■ TASK DESCRIPTION ■
Exact copy, no pictures: return all the data below as written.

(Beginning of SUPPLIED DATA)

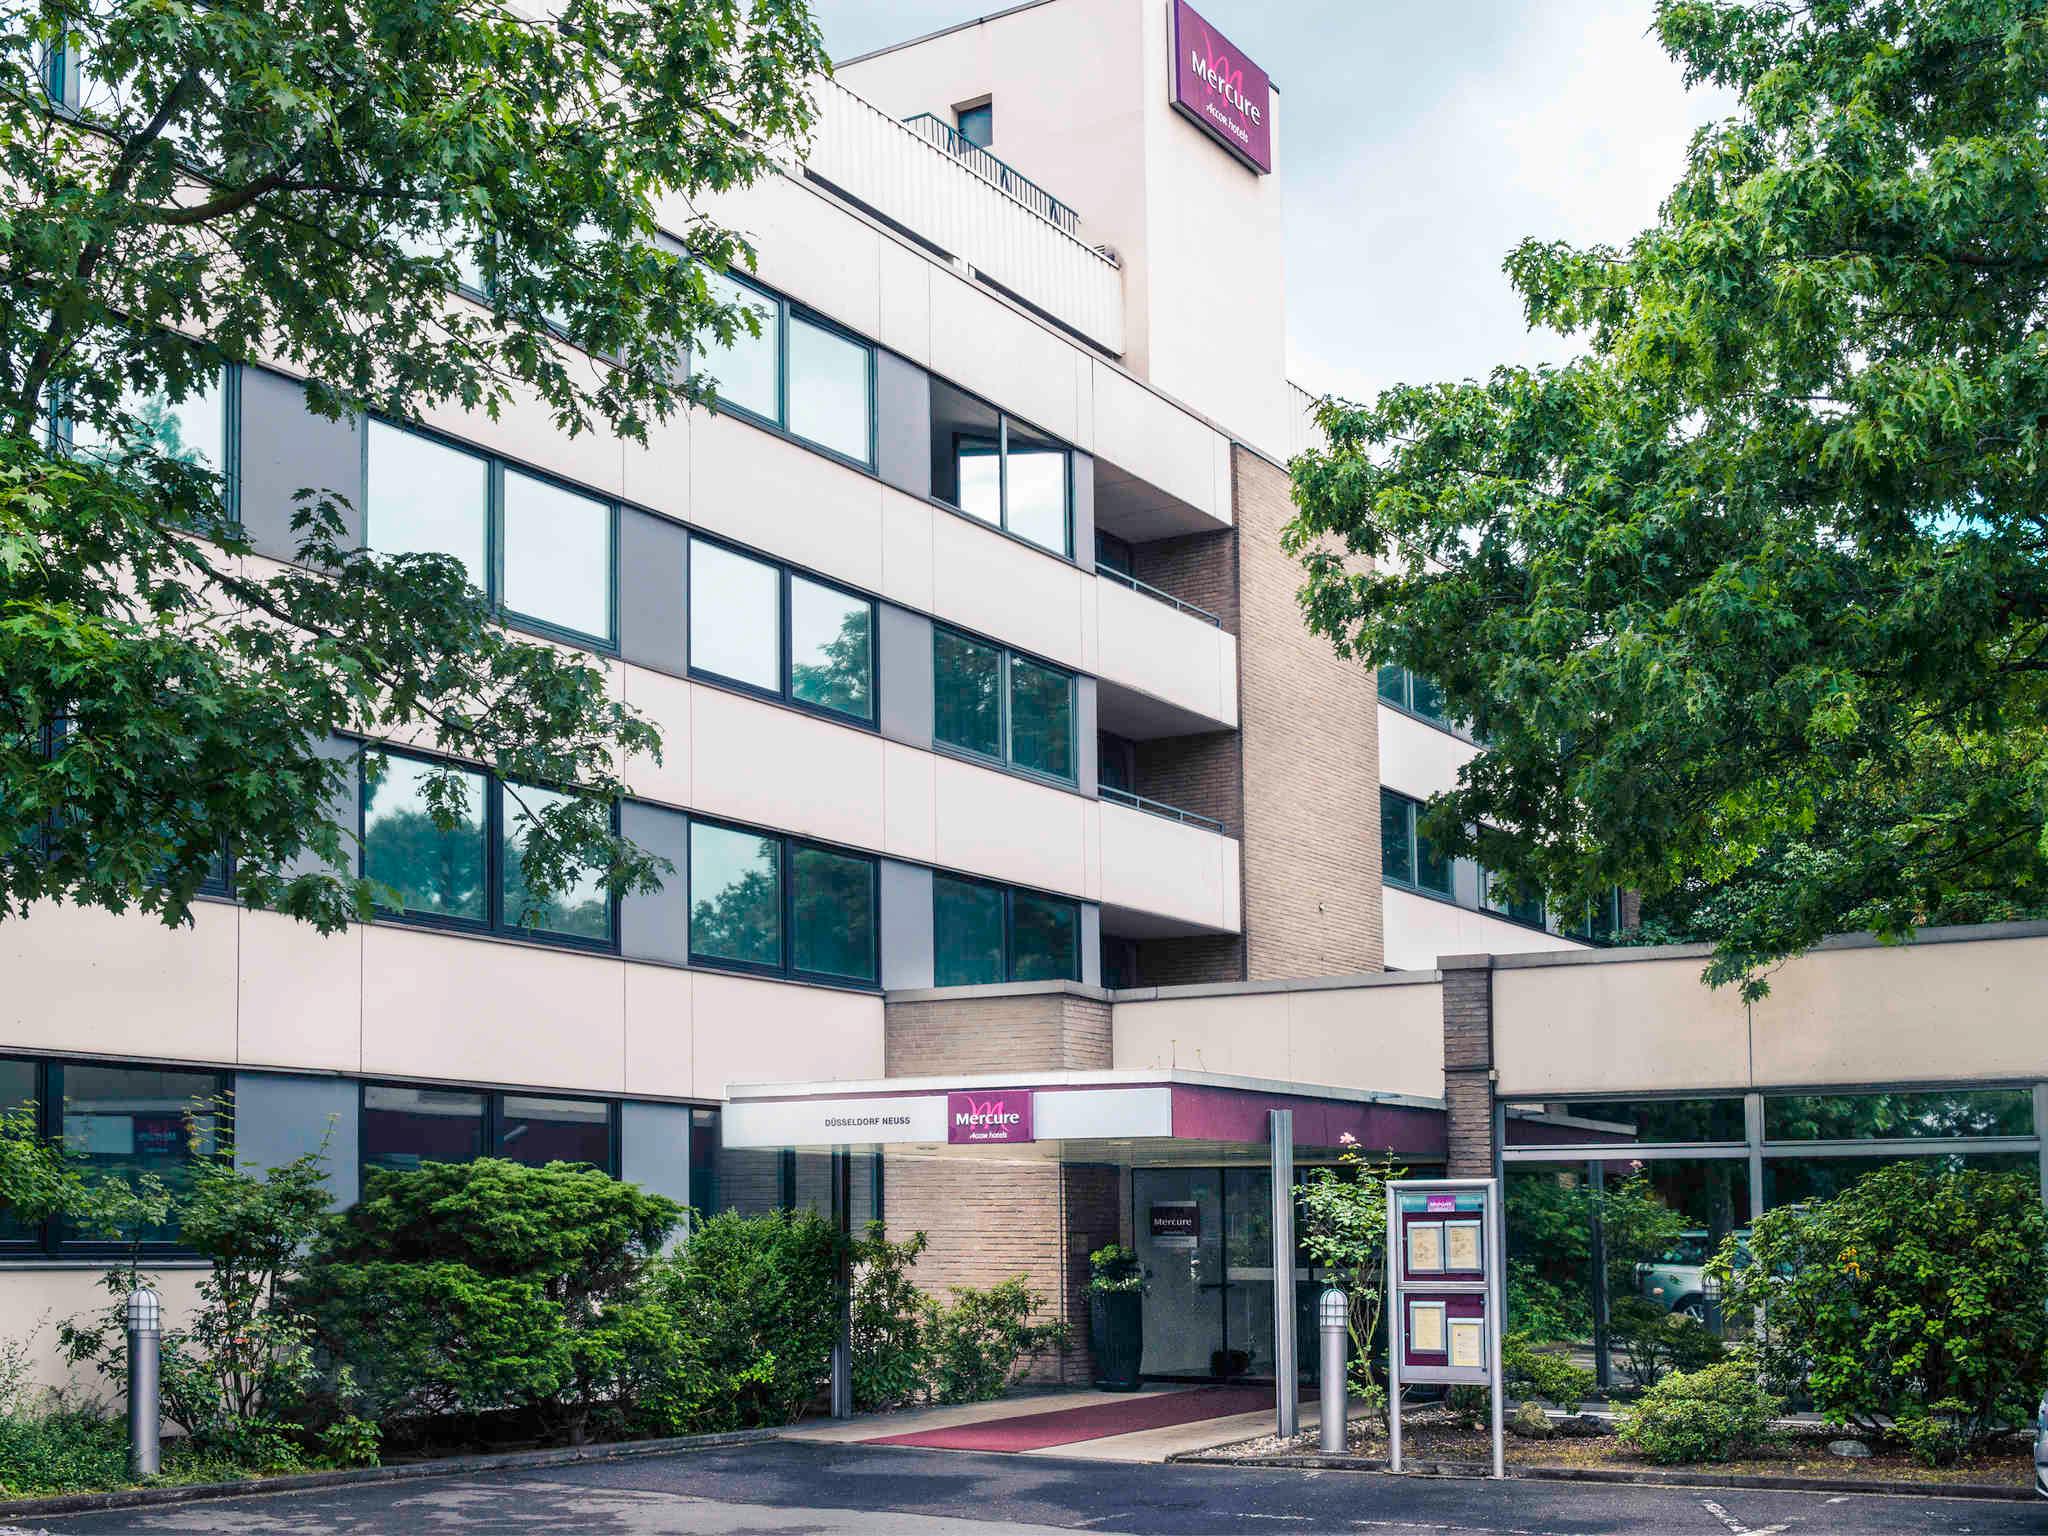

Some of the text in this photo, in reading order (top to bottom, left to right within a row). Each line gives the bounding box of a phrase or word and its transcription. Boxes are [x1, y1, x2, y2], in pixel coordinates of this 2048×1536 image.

[1191, 50, 1261, 126] Mercure
[1228, 117, 1249, 143] hotels
[824, 1116, 911, 1127] DÜSSELDORF NEUSS
[956, 1112, 1020, 1126] Mercure
[1153, 1217, 1193, 1226] Mercure

(End of SUPPLIED DATA)

■ SOLUTION BELOW ■
Some of the text in this photo, in reading order (top to bottom, left to right within a row). Each line gives the bounding box of a phrase or word and its transcription. Boxes are [x1, y1, x2, y2], in pixel coordinates of this 2048×1536 image.

[1191, 50, 1261, 126] Mercure
[1228, 117, 1249, 143] hotels
[824, 1116, 911, 1127] DÜSSELDORF NEUSS
[956, 1112, 1020, 1126] Mercure
[1153, 1217, 1193, 1226] Mercure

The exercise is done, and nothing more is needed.